** Exercise materials follows **
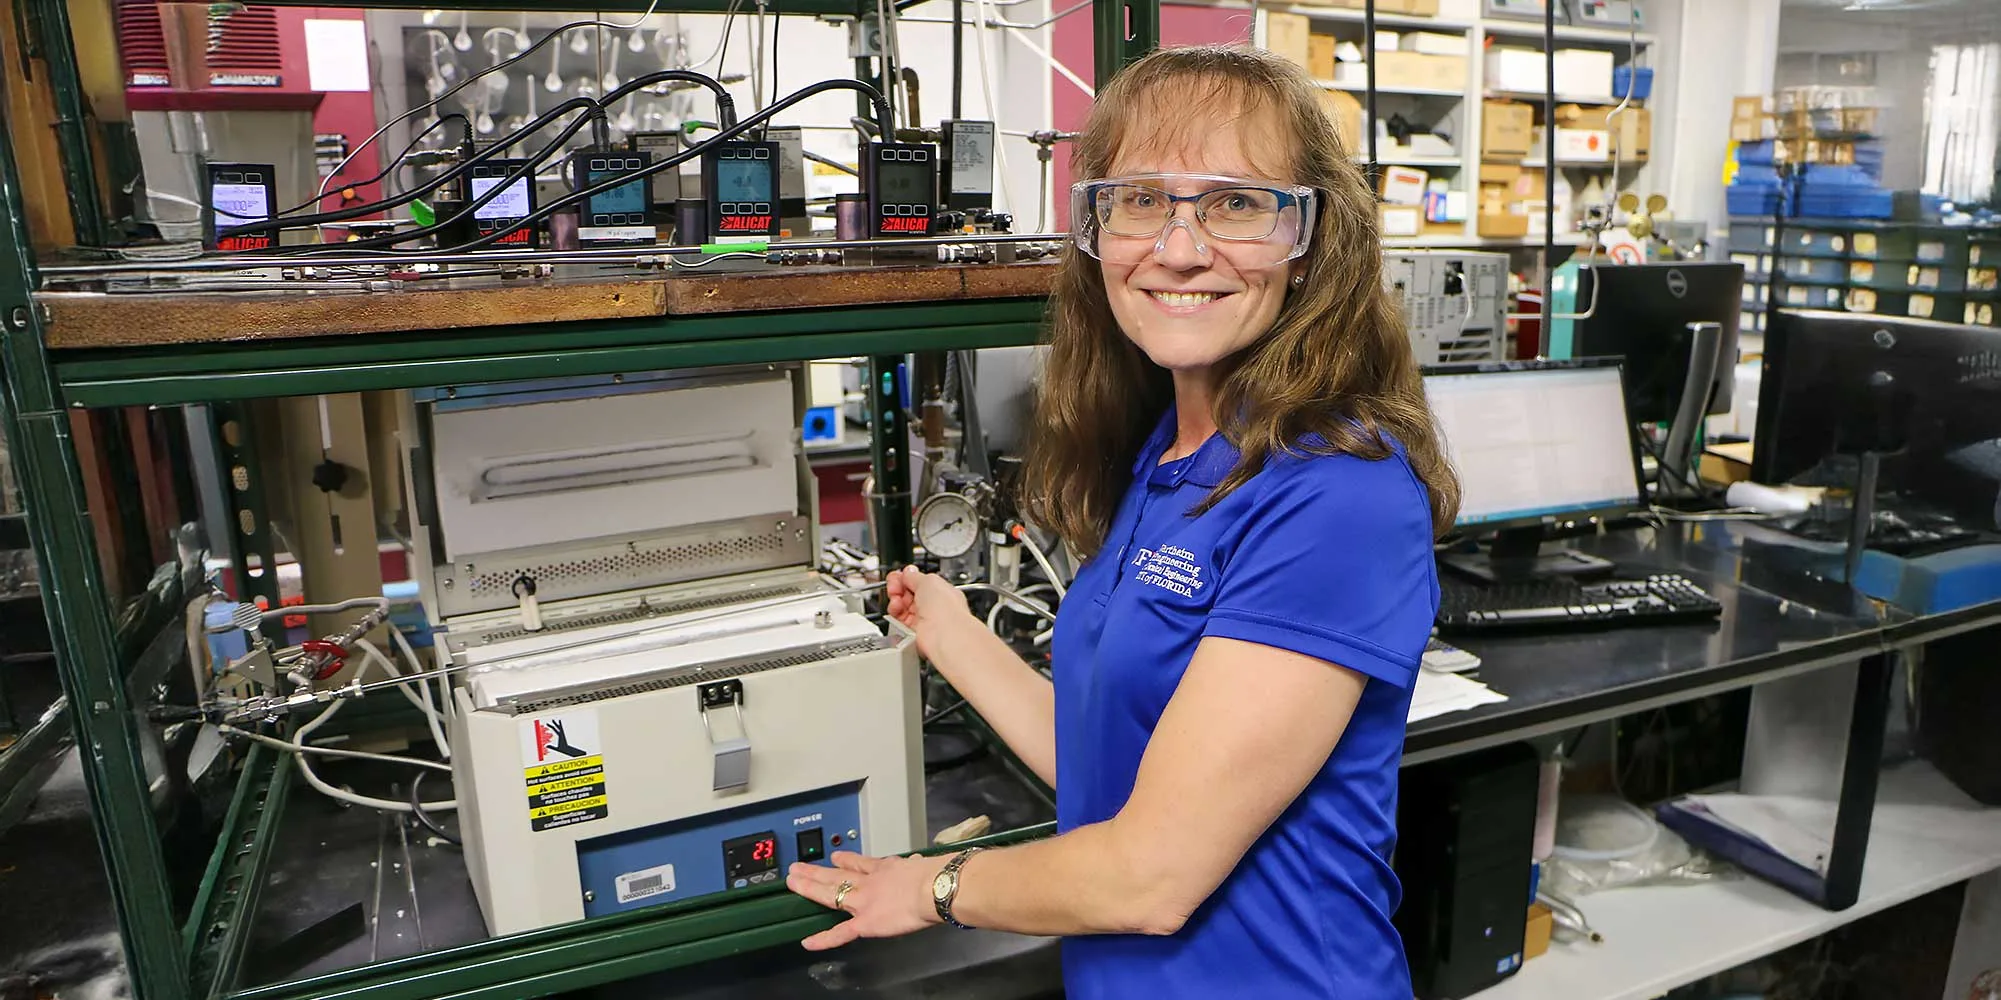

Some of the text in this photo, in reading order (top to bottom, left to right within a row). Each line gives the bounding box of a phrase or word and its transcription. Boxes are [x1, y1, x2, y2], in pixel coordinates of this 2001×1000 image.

[733, 216, 772, 230] ALICAT
[892, 217, 930, 230] ALICAT
[1151, 574, 1193, 598] FLORIDA
[552, 760, 588, 771] CAUTION
[539, 774, 563, 783] surfaces
[564, 770, 580, 778] avoid
[580, 766, 602, 775] contact
[550, 776, 594, 790] ATTENTION
[540, 786, 593, 801] Surfaces chaudes
[554, 794, 578, 803] touchez
[549, 798, 601, 813] PRECAUCION
[580, 813, 597, 821] tocar
[793, 813, 823, 826] POWER
[752, 839, 775, 860] 23
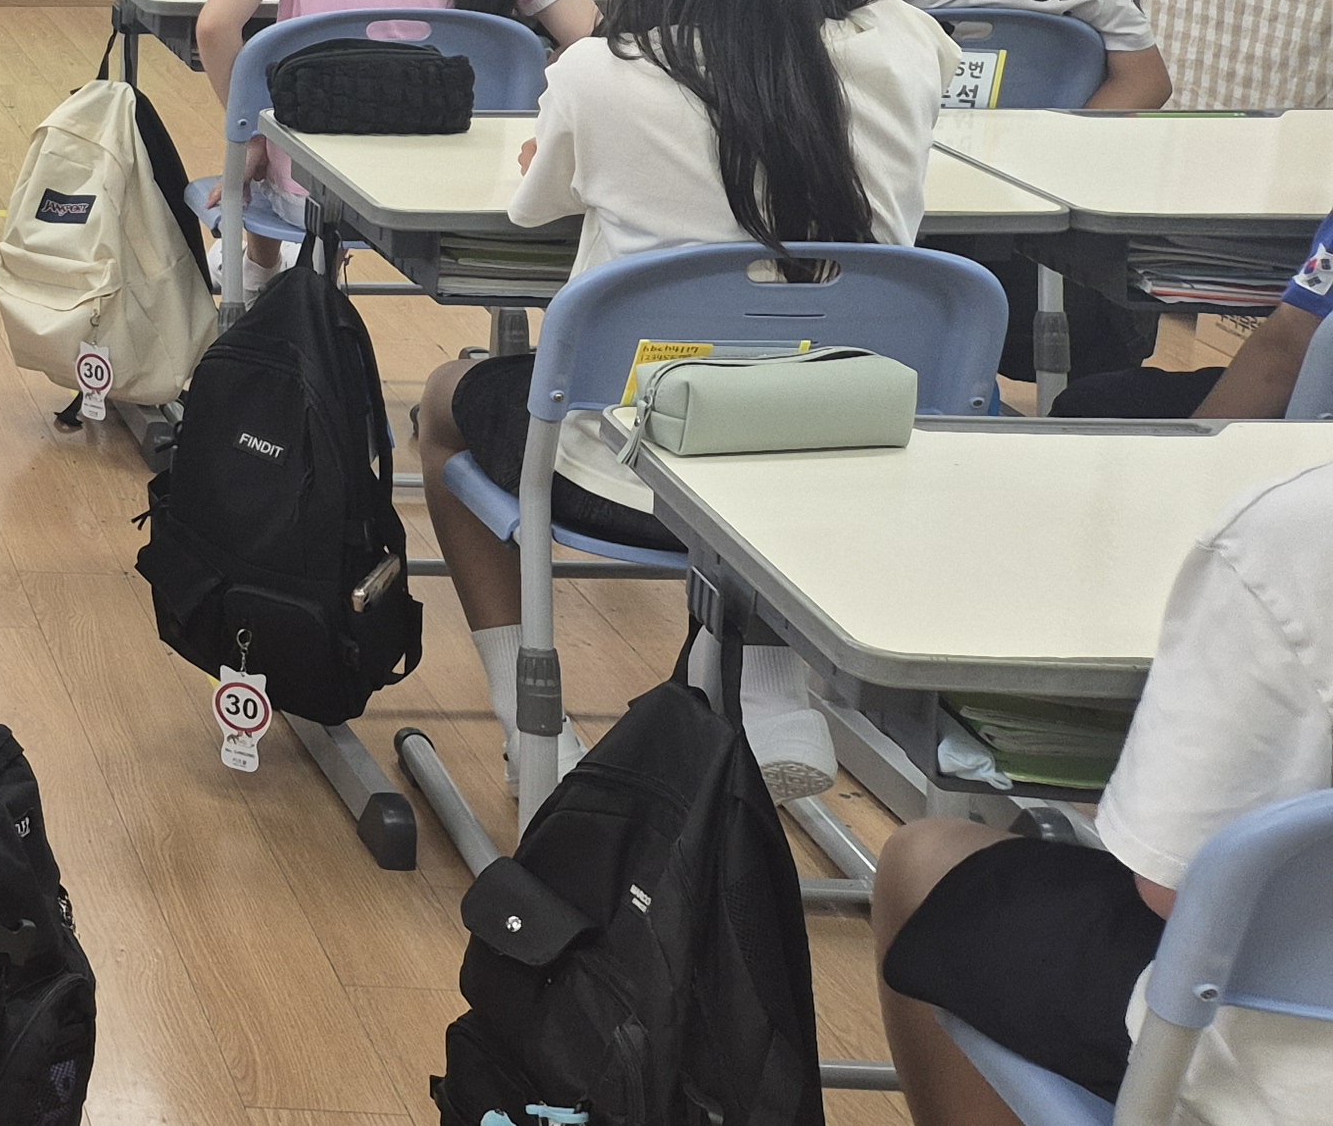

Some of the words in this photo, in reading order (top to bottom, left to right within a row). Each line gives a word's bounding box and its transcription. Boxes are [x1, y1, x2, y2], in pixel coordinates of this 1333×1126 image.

[83, 362, 104, 382] 30
[238, 432, 285, 460] FINDIT
[225, 693, 258, 720] 30
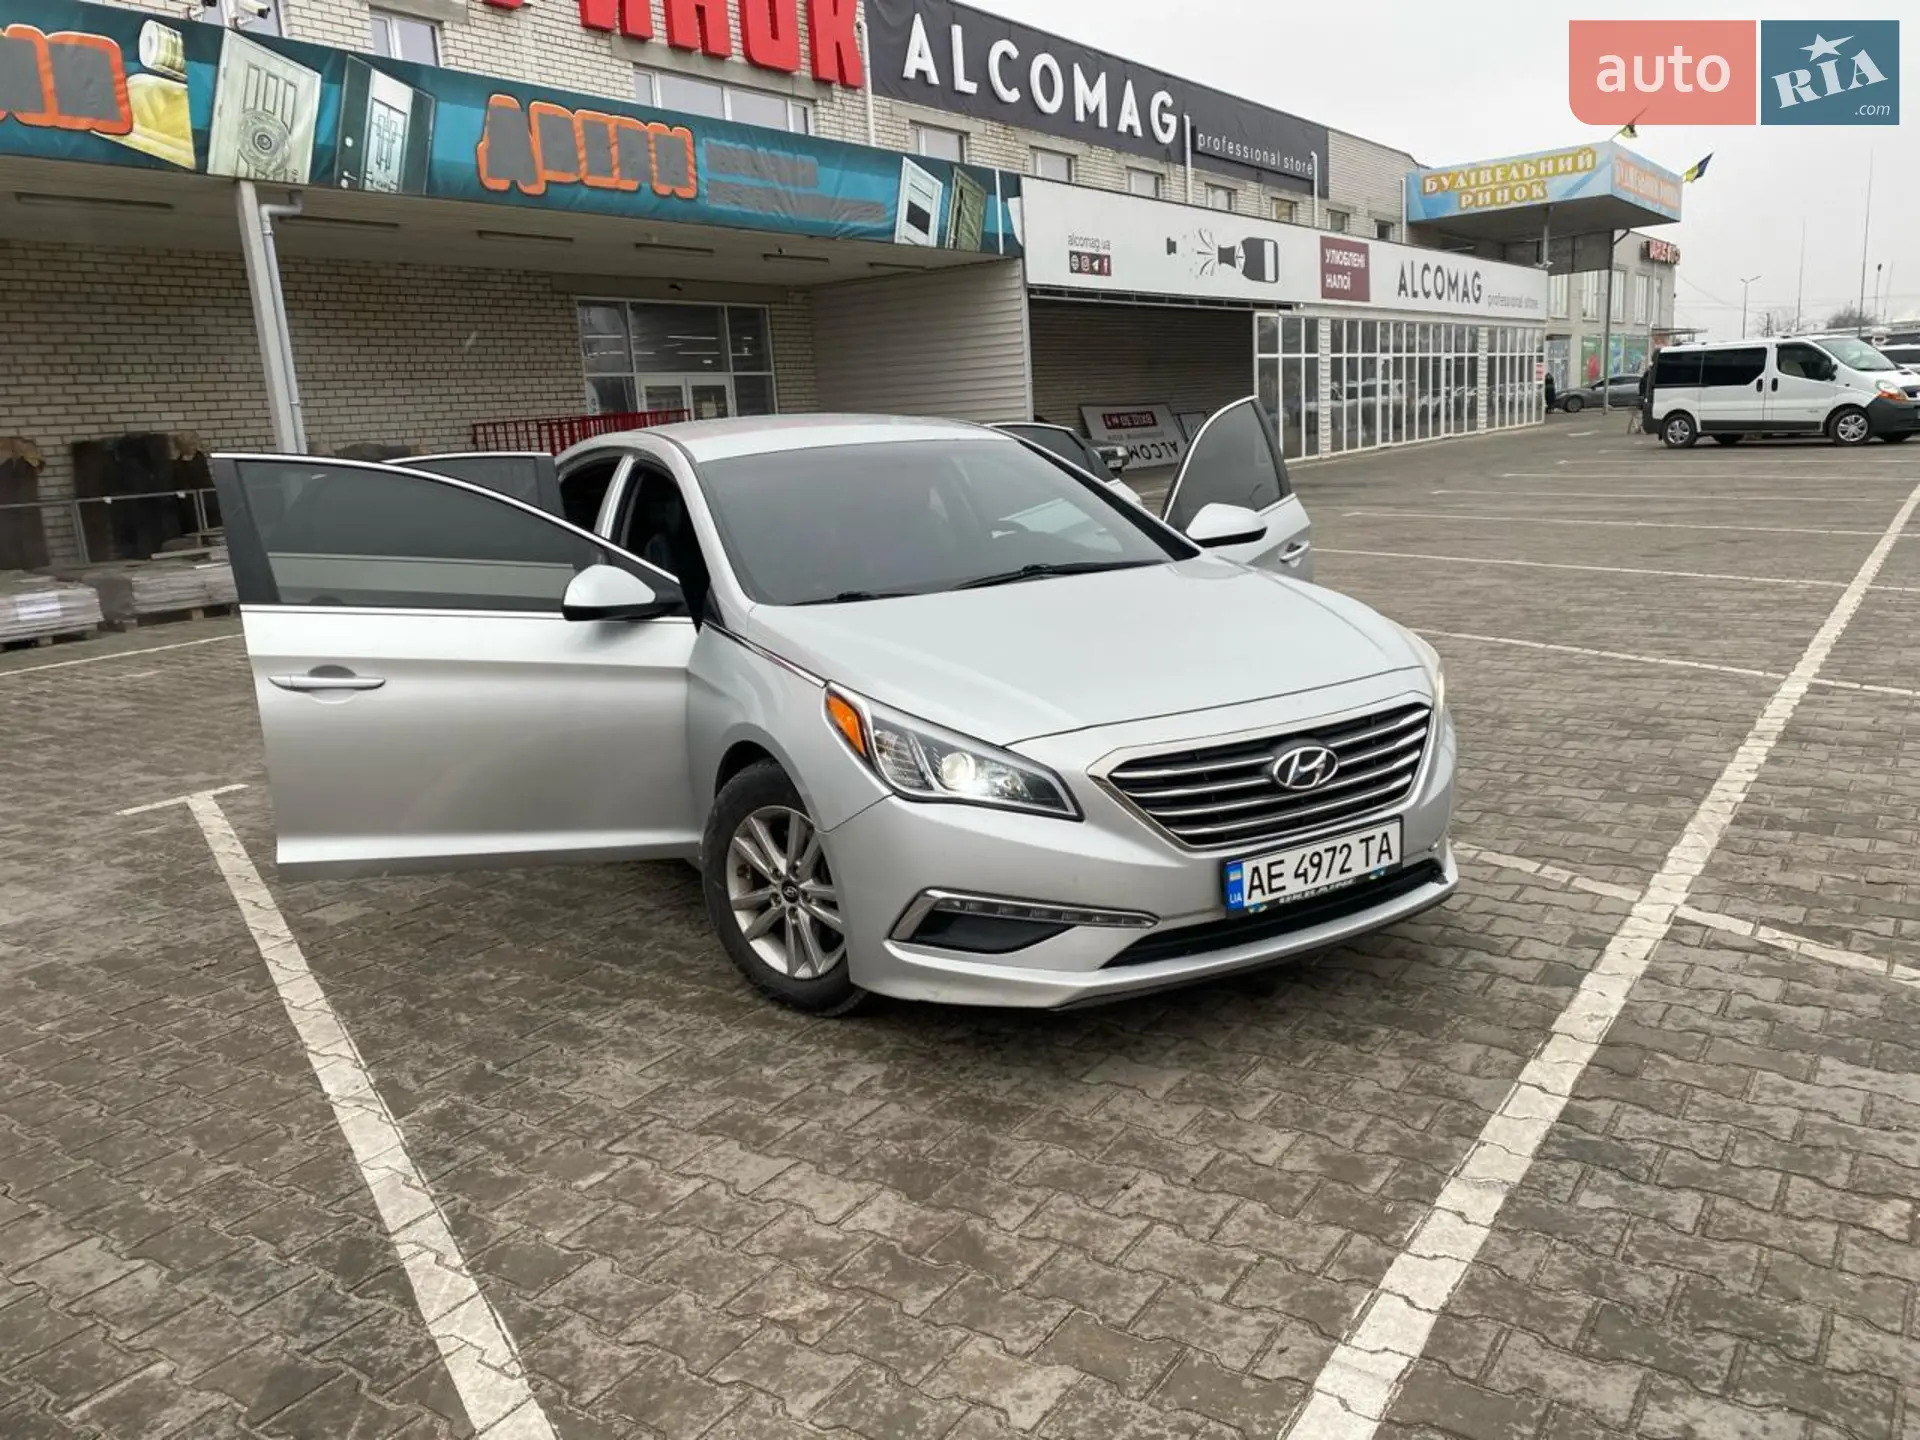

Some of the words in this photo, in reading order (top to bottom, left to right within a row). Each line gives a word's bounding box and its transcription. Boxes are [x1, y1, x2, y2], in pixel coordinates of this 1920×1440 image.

[902, 12, 1177, 144] ALCOMAG
[1197, 133, 1281, 166] professional
[1283, 155, 1313, 175] store
[1424, 149, 1596, 194] БУДІВЕЛЬНИЙ
[1459, 180, 1548, 209] РИНОК
[1325, 271, 1352, 291] НАПОЇ
[1397, 260, 1483, 304] ALCOMAG
[1247, 859, 1286, 900] AE
[1293, 843, 1352, 885] 4972
[1359, 831, 1393, 868] TA
** End of Exercise materials **
Problem requirements -
Please output all the records above exactly, leaving out every picture.

Output for this exercise -
Some of the text in this photo, in reading order (top to bottom, left to right within a row). Each line gives the bounding box of a phrase or word and its transcription. Boxes are [x1, y1, x2, y2], in pixel coordinates of this 2001×1000 image.

[733, 216, 772, 230] ALICAT
[892, 217, 930, 230] ALICAT
[1151, 574, 1193, 598] FLORIDA
[552, 760, 588, 771] CAUTION
[539, 774, 563, 783] surfaces
[564, 770, 580, 778] avoid
[580, 766, 602, 775] contact
[550, 776, 594, 790] ATTENTION
[540, 786, 593, 801] Surfaces chaudes
[554, 794, 578, 803] touchez
[549, 798, 601, 813] PRECAUCION
[580, 813, 597, 821] tocar
[793, 813, 823, 826] POWER
[752, 839, 775, 860] 23

Some of the words in this photo, in reading order (top to bottom, left to right within a row). Each line gives a word's bounding box and its transcription. Boxes are [x1, y1, x2, y2], in pixel coordinates of this 1333×1126 image.

[83, 362, 104, 382] 30
[238, 432, 285, 460] FINDIT
[225, 693, 258, 720] 30

Some of the words in this photo, in reading order (top to bottom, left to right within a row). Each line gives a word's bounding box and its transcription. Boxes are [x1, y1, x2, y2], in pixel coordinates of this 1920×1440 image.

[902, 12, 1177, 144] ALCOMAG
[1197, 133, 1281, 166] professional
[1283, 155, 1313, 175] store
[1424, 149, 1596, 194] БУДІВЕЛЬНИЙ
[1459, 180, 1548, 209] РИНОК
[1325, 271, 1352, 291] НАПОЇ
[1397, 260, 1483, 304] ALCOMAG
[1247, 859, 1286, 900] AE
[1293, 843, 1352, 885] 4972
[1359, 831, 1393, 868] TA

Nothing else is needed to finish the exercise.